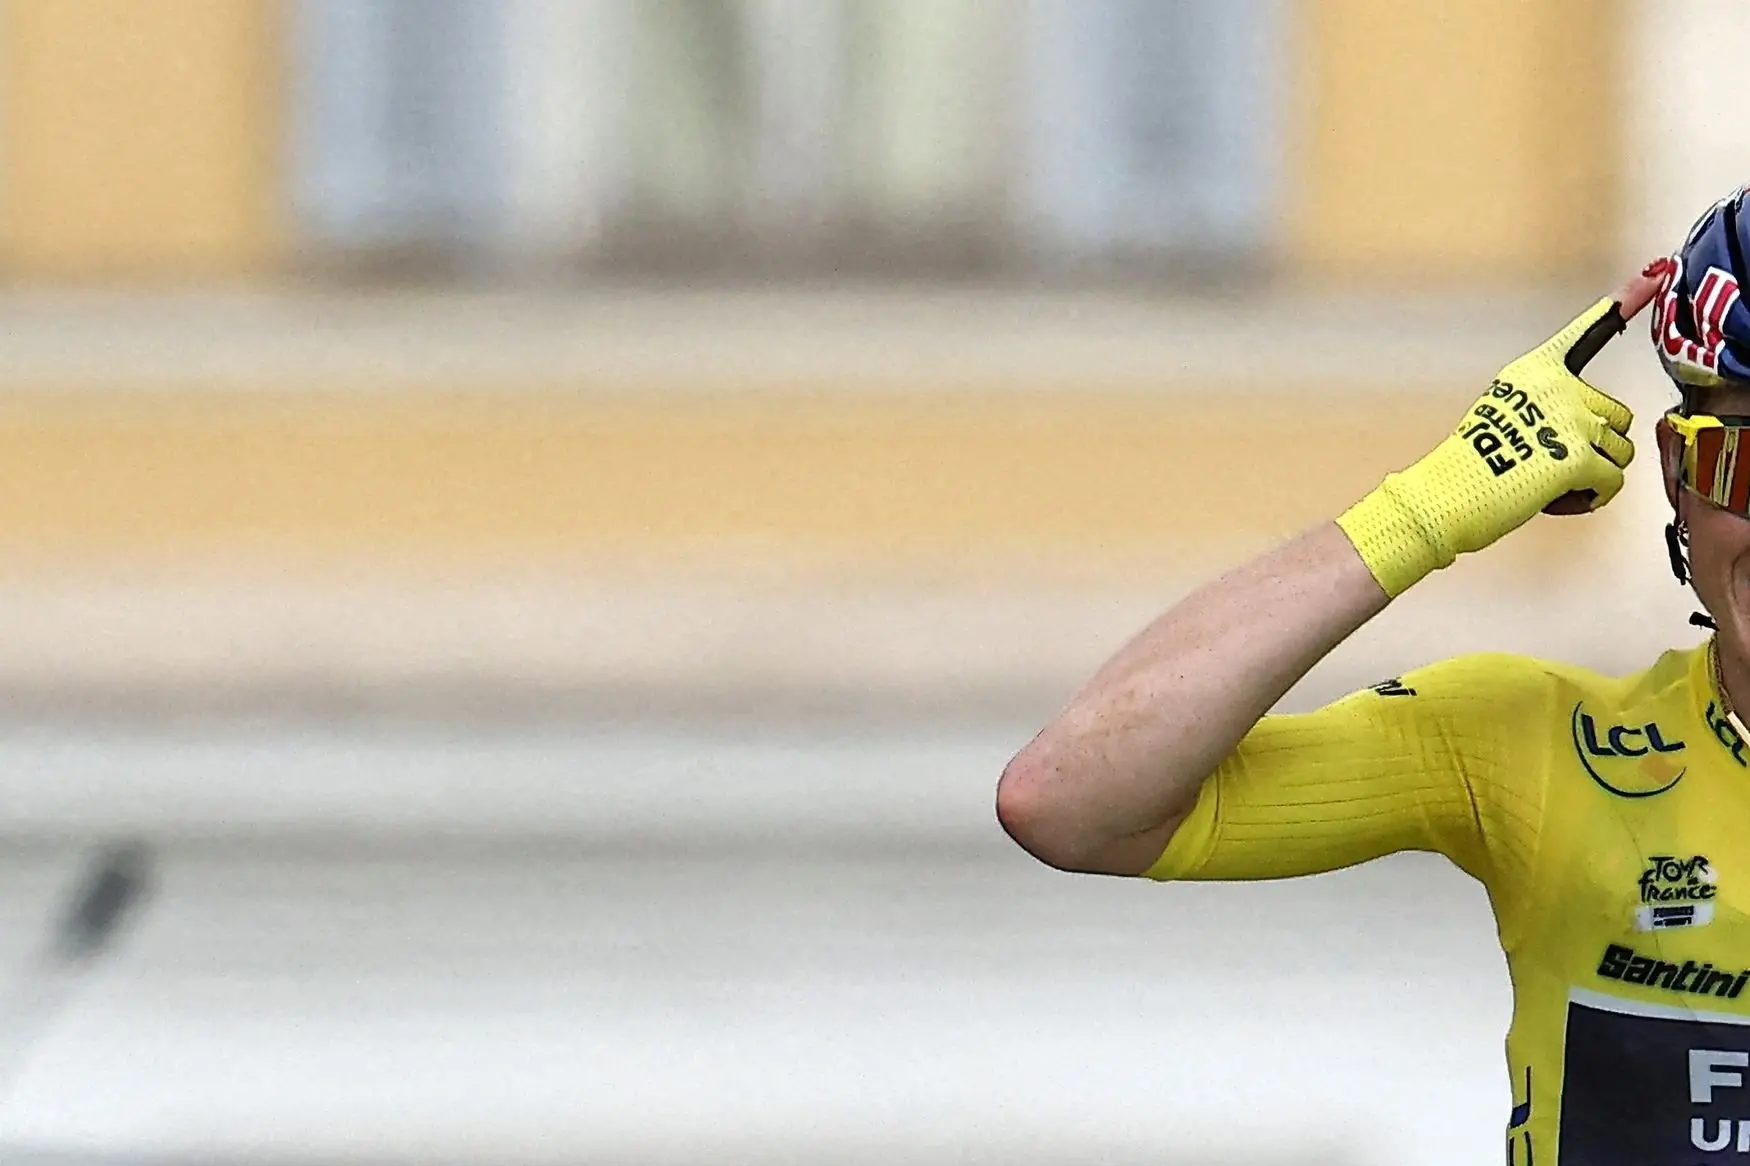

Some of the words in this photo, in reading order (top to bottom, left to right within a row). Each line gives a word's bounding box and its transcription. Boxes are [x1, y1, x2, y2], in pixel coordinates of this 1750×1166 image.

[1462, 422, 1517, 477] FDJ
[1474, 404, 1533, 461] UNITED
[1581, 713, 1687, 757] LCL
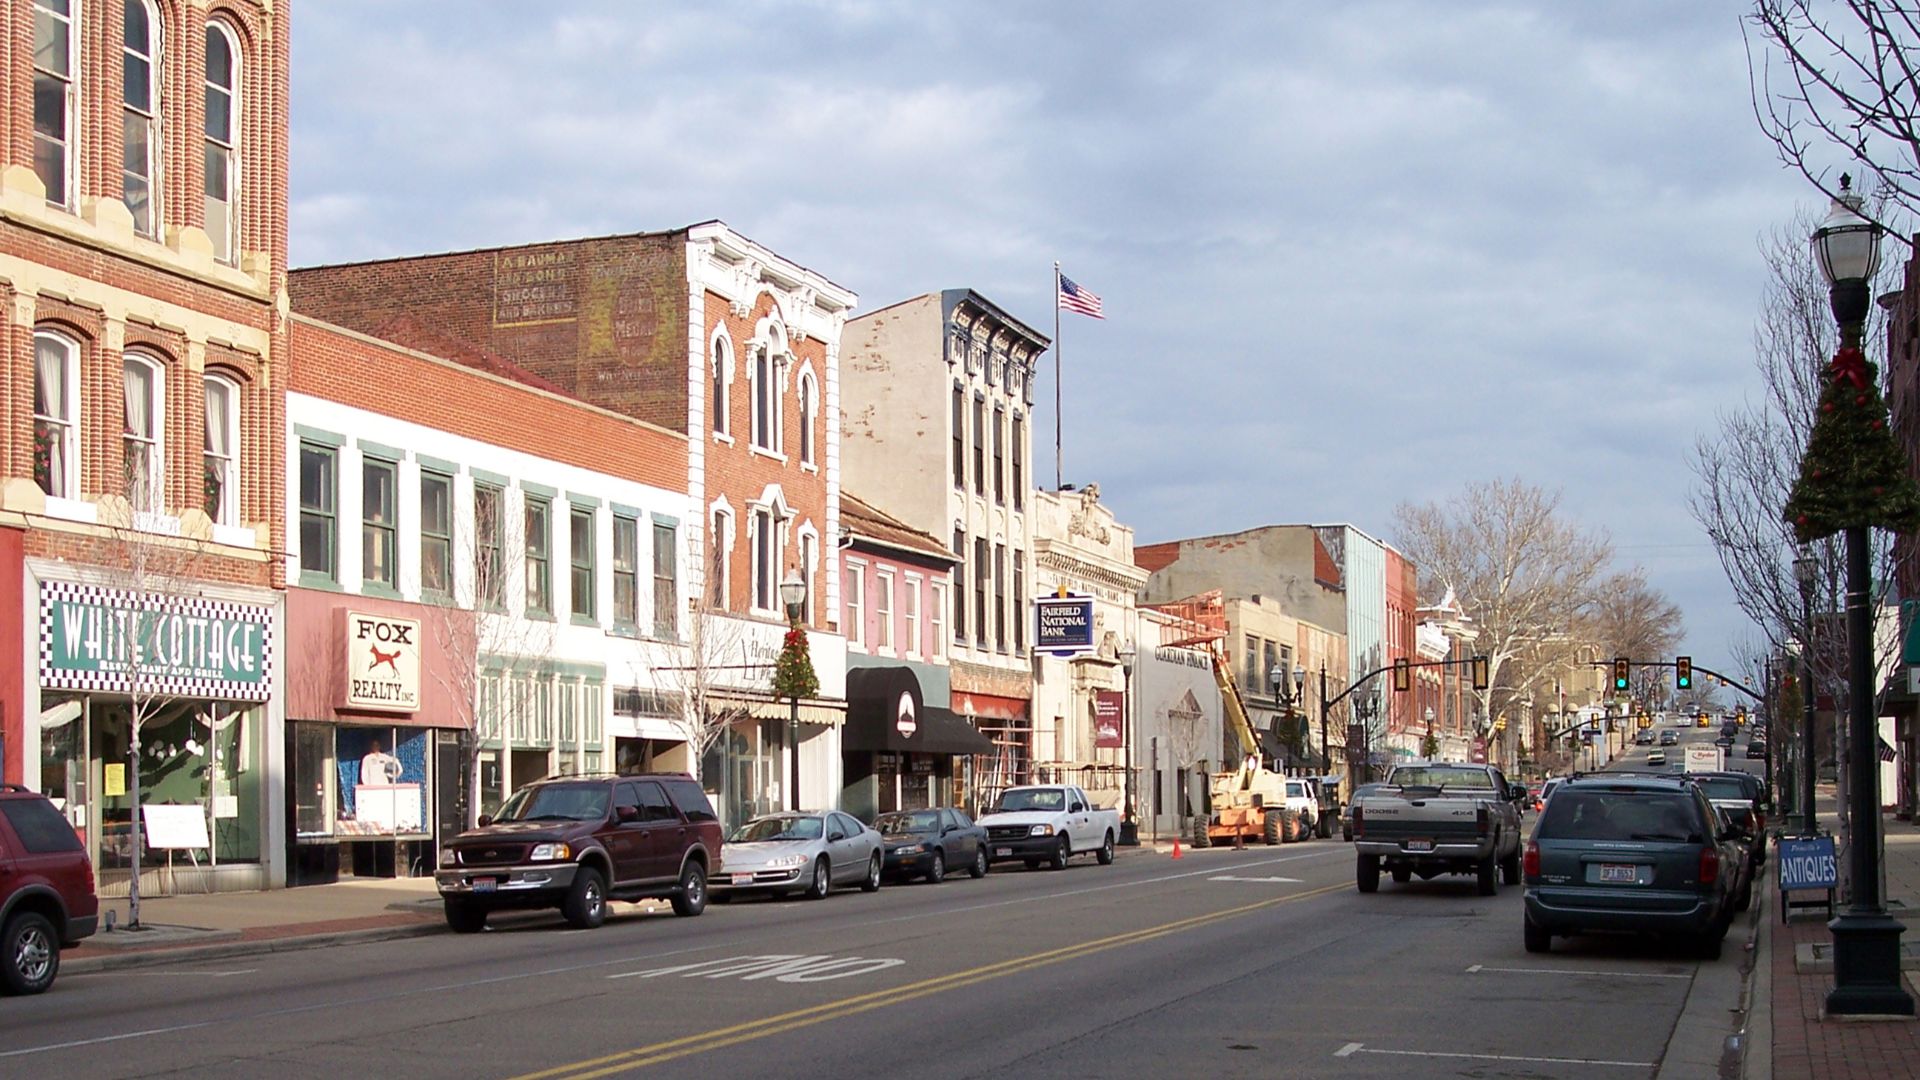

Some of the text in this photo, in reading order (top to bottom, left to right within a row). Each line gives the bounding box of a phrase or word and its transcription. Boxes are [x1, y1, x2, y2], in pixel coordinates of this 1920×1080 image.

[1041, 606, 1081, 616] FAIRFIELD
[1041, 616, 1087, 626] NATIONAL
[62, 604, 255, 672] WHITE COTTAGE
[357, 619, 412, 645] FOX
[1041, 626, 1065, 636] BANK
[1155, 645, 1185, 665] GUARDIAN
[100, 660, 224, 680] RESTRANT AND GRILL
[353, 679, 402, 701] REALTY
[1781, 855, 1836, 884] ANTIQUES
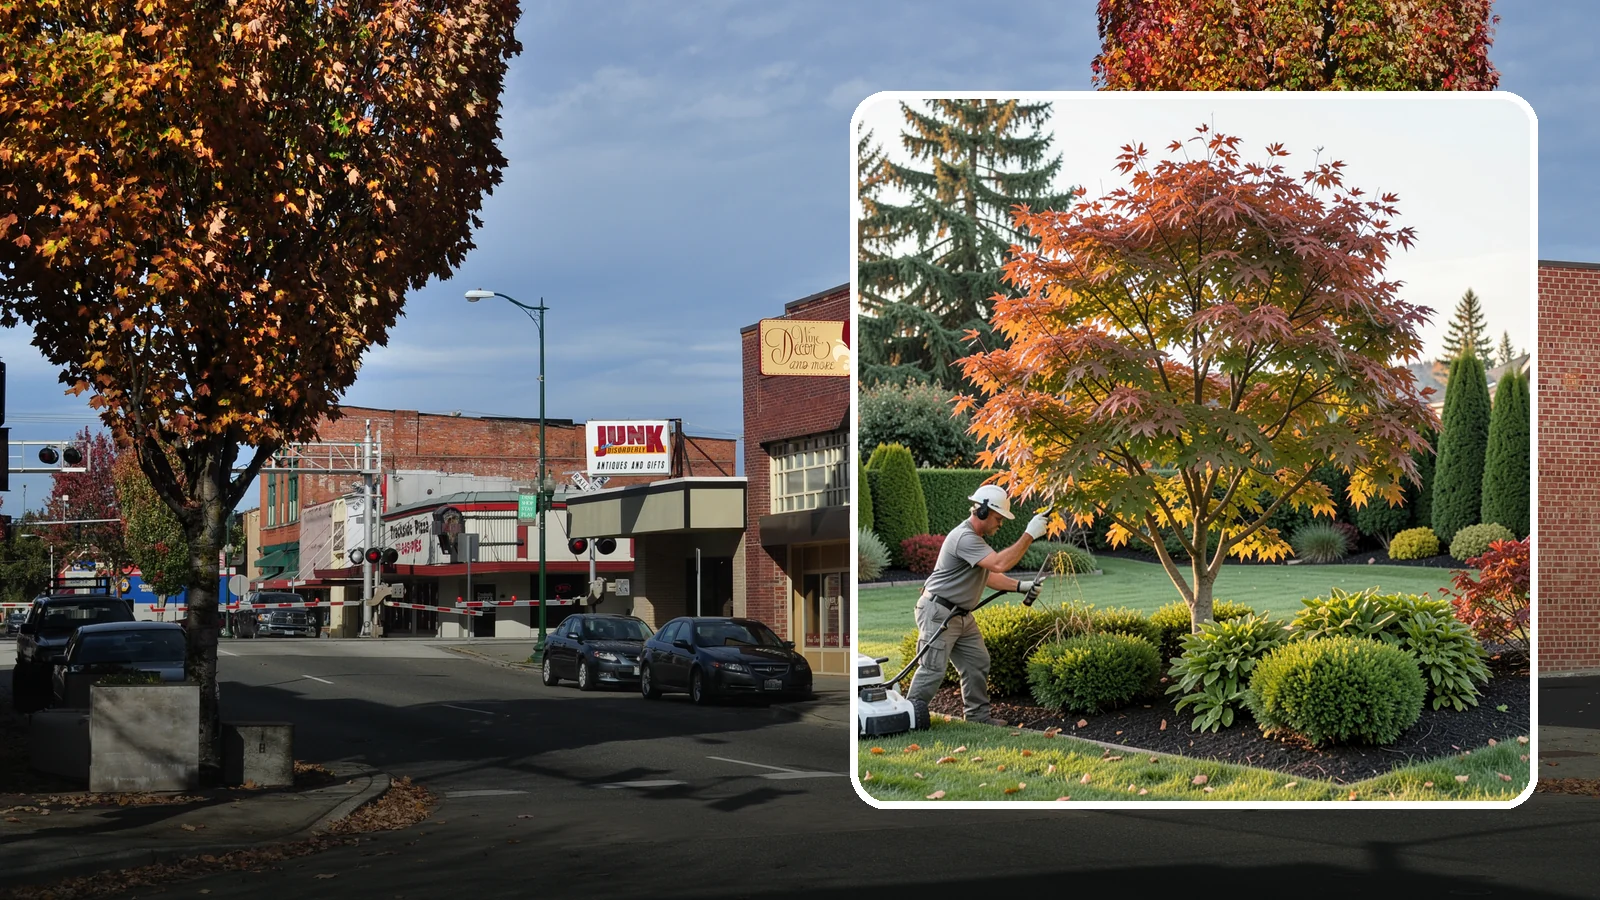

* Directions for this task *
Please transcribe all of the entries word for word, with the pictures left out.

* Exercise result *
Some of the words in this photo, in reading order (top to bottom, left to right within a row). Each line gives a word's bounding box and its transcription. Boxes are [x1, y1, x2, y2], in pixel coordinates of this 1750×1166 image.

[1462, 422, 1517, 477] FDJ
[1474, 404, 1533, 461] UNITED
[1581, 713, 1687, 757] LCL

Some of the text in this photo, in reading order (top to bottom, left to right within a row). Each line gives the bounding box of a phrase or word and its transcription. Boxes are [x1, y1, x2, y2], in pixel coordinates of this 1920×1080 image.

[1041, 606, 1081, 616] FAIRFIELD
[1041, 616, 1087, 626] NATIONAL
[62, 604, 255, 672] WHITE COTTAGE
[357, 619, 412, 645] FOX
[1041, 626, 1065, 636] BANK
[1155, 645, 1185, 665] GUARDIAN
[100, 660, 224, 680] RESTRANT AND GRILL
[353, 679, 402, 701] REALTY
[1781, 855, 1836, 884] ANTIQUES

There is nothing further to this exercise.